A U.S. attempt to ship munitions to Israel, repeating its collaboration with the Israeli massacre in Lebanon, has been halted by the action of the Greek government, whose port was involved. Needless to say, the U.S. is now looking for an alternative. Wouldn't want the massacre of Palestinians to grind to a halt due to a lack of munitions.
Monday, January 12, 2009
"The only democracy in the Middle East"
Not so much:
Israel on Monday banned Arab political parties from running in next month's parliamentary elections.The West screams about the lack of democracy when Iran screens candidates and only allows "approved" candidates to run. Will they have anything to say about Israel's actions? No, undoubtedly they'll accept Israel's explanation that these parties were "supporting terrorism"...by holding demonstrations opposed to the Israeli assault on Gaza, not to mention the grievous sin of traveling to Syria and Lebanon.
Not to be forgotten, although it pretty much has been forgotten (just like the other 10,000 prisoners Israel holds and the similar numbers of Iraqis held without charges by the U.S.), is that Israel, those admirable "democrats," is still imprisoning dozens of legally-elected representatives of the Palestinian government.
Sunday, January 11, 2009
Earth to Obama
What planet are you on, Barack? This today:
"And the reason it's so important for the United States to be engaged and involved immediately, not waiting until the end of their term, is because working through the politics of this requires a third party that everybody has confidence [in]."Yes, the Palestinians are sure to have "confidence" in this alleged "third party" (who is really hand-in-hand with the "first party"). Especially a third party led by a President whose very next answer was this:
"We have a situation in which not only is Iran exporting terrorism through Hamas, through Hezbollah, but they are pursuing a nuclear weapon that could potentially trigger a nuclear arms race in the Middle East."So not only does Obama continue to lie about Iran's "pursuit" of a nuclear weapon, but he accuses it of "exporting terrorism" to Gaza via Hamas.

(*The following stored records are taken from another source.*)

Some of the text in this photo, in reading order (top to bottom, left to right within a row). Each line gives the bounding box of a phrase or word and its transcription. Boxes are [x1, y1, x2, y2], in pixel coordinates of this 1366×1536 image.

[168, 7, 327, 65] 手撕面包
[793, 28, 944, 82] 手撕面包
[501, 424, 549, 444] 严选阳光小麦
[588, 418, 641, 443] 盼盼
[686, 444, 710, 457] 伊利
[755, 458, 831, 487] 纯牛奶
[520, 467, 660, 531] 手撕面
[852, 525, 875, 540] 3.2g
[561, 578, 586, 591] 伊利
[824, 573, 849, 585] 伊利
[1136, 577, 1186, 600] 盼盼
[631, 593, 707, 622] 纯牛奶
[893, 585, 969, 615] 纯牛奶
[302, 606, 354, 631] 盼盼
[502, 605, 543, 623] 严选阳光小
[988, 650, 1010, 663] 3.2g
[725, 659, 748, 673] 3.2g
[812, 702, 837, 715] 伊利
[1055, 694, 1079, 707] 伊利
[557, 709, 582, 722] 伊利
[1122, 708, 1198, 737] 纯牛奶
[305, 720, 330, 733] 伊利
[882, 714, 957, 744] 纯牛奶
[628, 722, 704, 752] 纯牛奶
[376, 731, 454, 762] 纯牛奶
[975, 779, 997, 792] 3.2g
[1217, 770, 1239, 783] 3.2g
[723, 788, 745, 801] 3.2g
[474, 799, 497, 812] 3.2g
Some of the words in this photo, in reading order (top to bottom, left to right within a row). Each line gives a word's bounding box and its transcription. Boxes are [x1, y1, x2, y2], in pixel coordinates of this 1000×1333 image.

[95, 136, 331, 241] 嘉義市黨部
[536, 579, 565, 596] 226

And they said Sarah Palin was naive about foreign policy.
Well, perhaps I should be thankful he only talked about "confidence" and didn't claim the U.S. was an "honest broker." By the way, after everything that's been happening on Wall Street lately, how long has it been since there was an "honest broker"?

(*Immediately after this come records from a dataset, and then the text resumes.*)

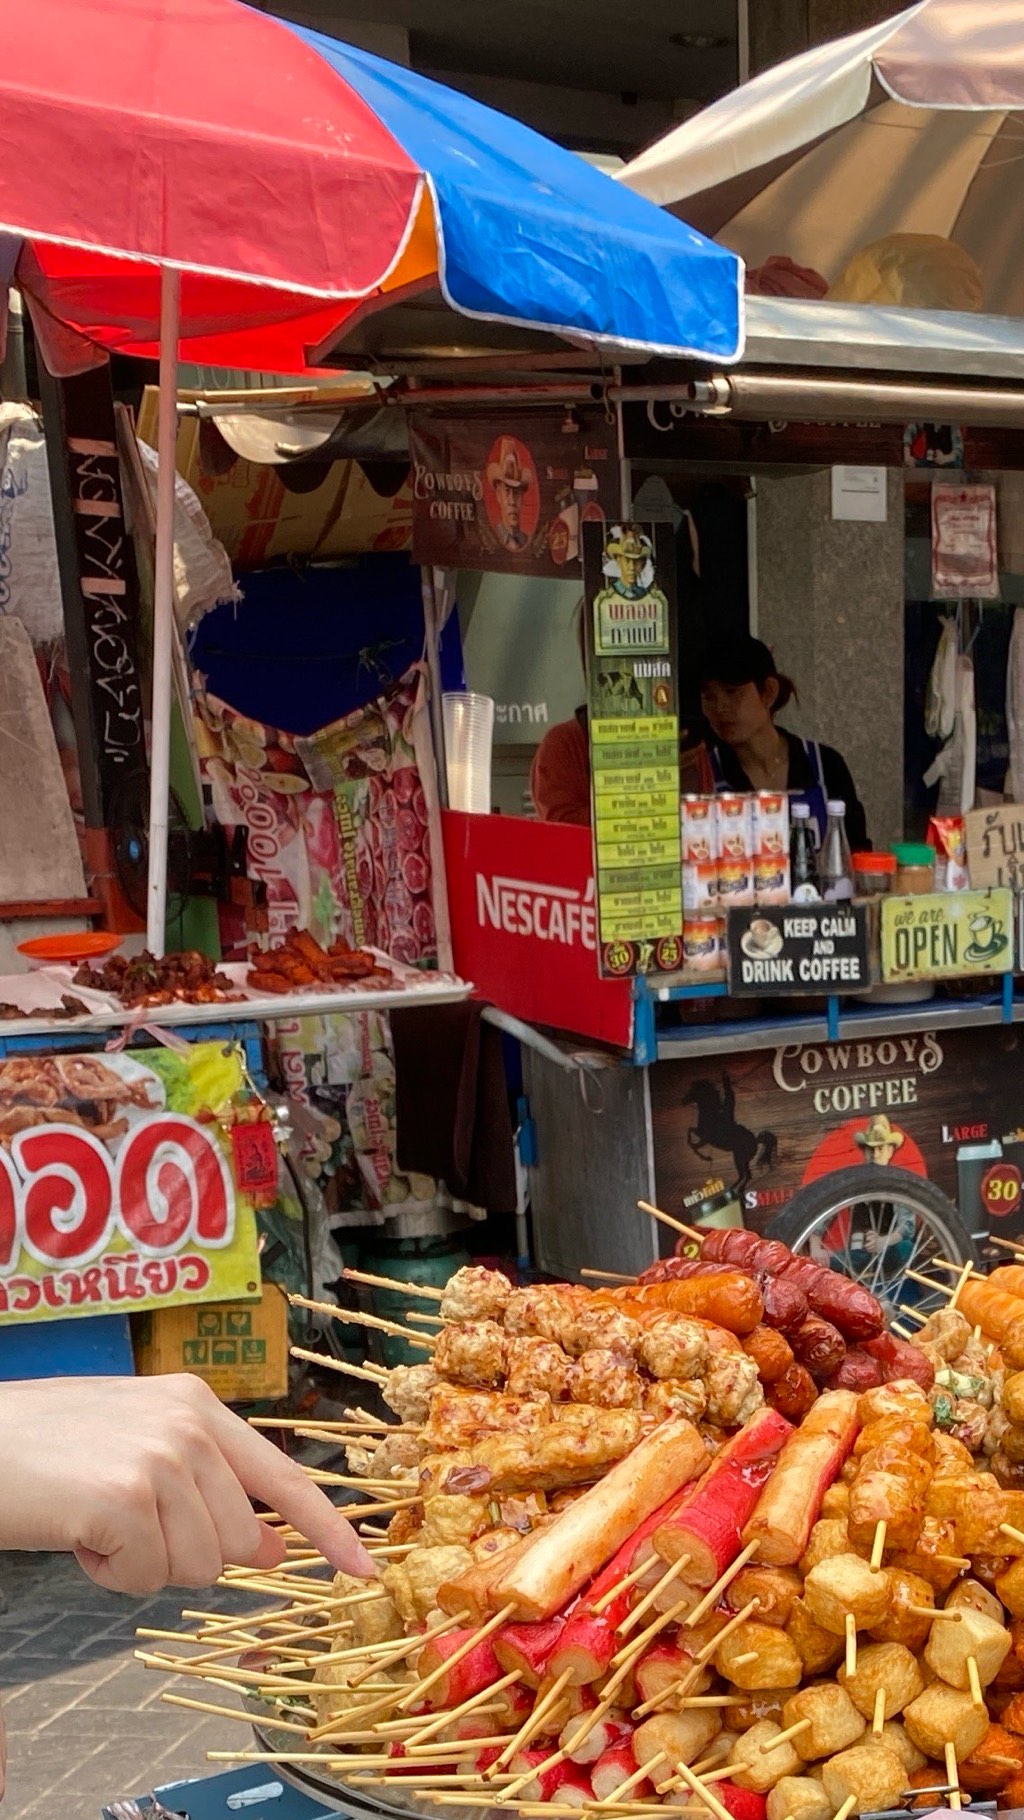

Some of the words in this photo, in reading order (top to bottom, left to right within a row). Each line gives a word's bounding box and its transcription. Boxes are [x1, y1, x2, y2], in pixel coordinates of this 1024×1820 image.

[430, 502, 475, 521] COFFEE
[494, 702, 549, 724] ะกาศ
[335, 794, 355, 840] juice
[340, 841, 366, 946] omegranate
[475, 872, 597, 951] NESCAFÉ
[894, 908, 914, 926] we
[919, 906, 945, 925] are
[783, 918, 818, 939] KEEP
[820, 917, 857, 938] CALM
[813, 939, 835, 955] AND
[895, 922, 958, 969] OPEN
[741, 959, 795, 983] DRINK
[799, 957, 861, 982] COFFEE
[772, 1031, 944, 1092] COWBOYS
[813, 1076, 918, 1114] COFFEE
[942, 1123, 988, 1143] LARGE
[988, 1179, 1019, 1201] 30

"There's only one President at a time"
So says Barack Obama repeatedly when excusing his relative silence on events in Gaza. Well, I admit it's only the Vice-President, but why then is Vice-President-elect Biden visiting Afghanistan clearly conducting foreign policy? Do we only have one President at a time, but two Vice-Presidents?

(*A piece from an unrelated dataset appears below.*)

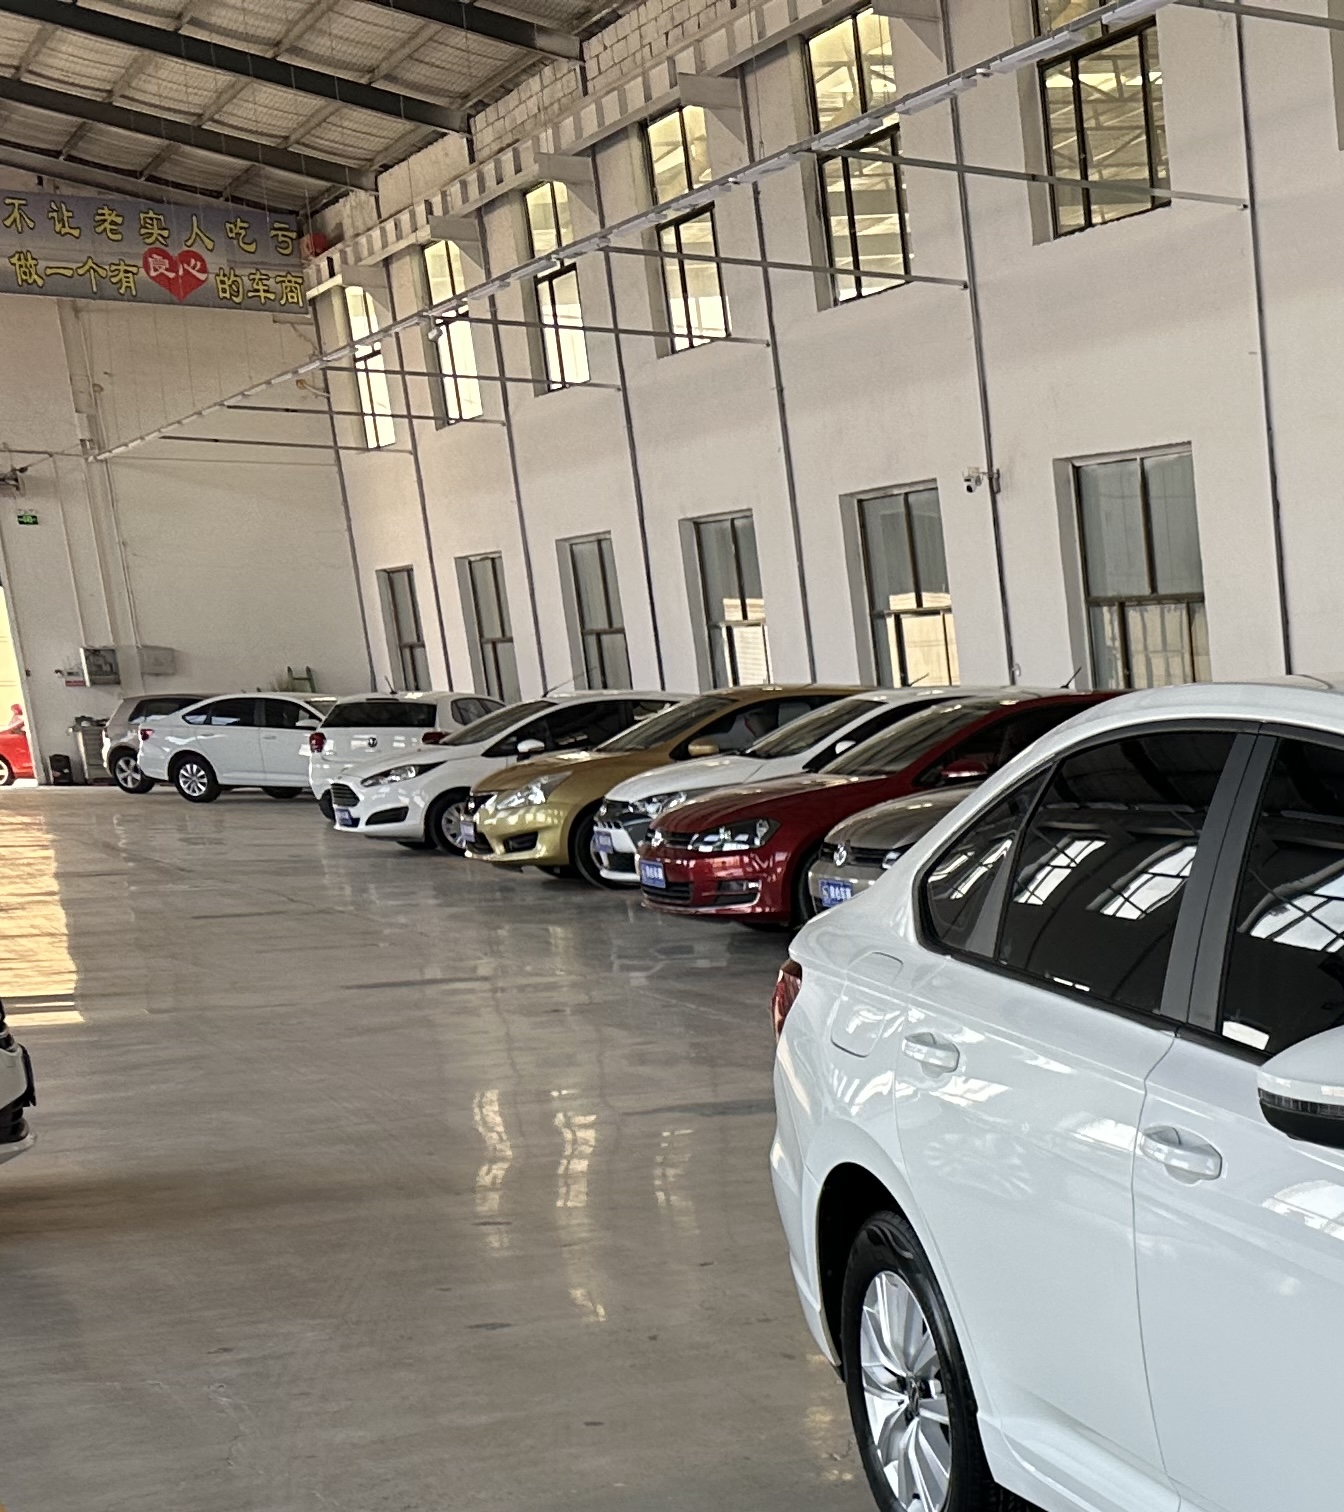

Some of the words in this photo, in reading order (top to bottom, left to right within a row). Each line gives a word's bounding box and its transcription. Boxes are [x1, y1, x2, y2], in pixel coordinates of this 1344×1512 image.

[2, 197, 298, 256] 不让老实人吃亏
[8, 250, 305, 308] 做一个有良心的车商

10,000 in San Francisco: "Free Gaza!"
Yesterday 10,000 people rallied at the Civic Center and marched through the streets of San Francisco, demanding an end to the ongoing Israeli massacre. Local TV coverage was reasonably good on four different stations. Below my video of the demonstration, followed by the TV coverage. Click here and here to see the higher-resolution versions of the two. Also a few stills I took are here.
Update: 200,000 (!) in London and 250,000 in Spain.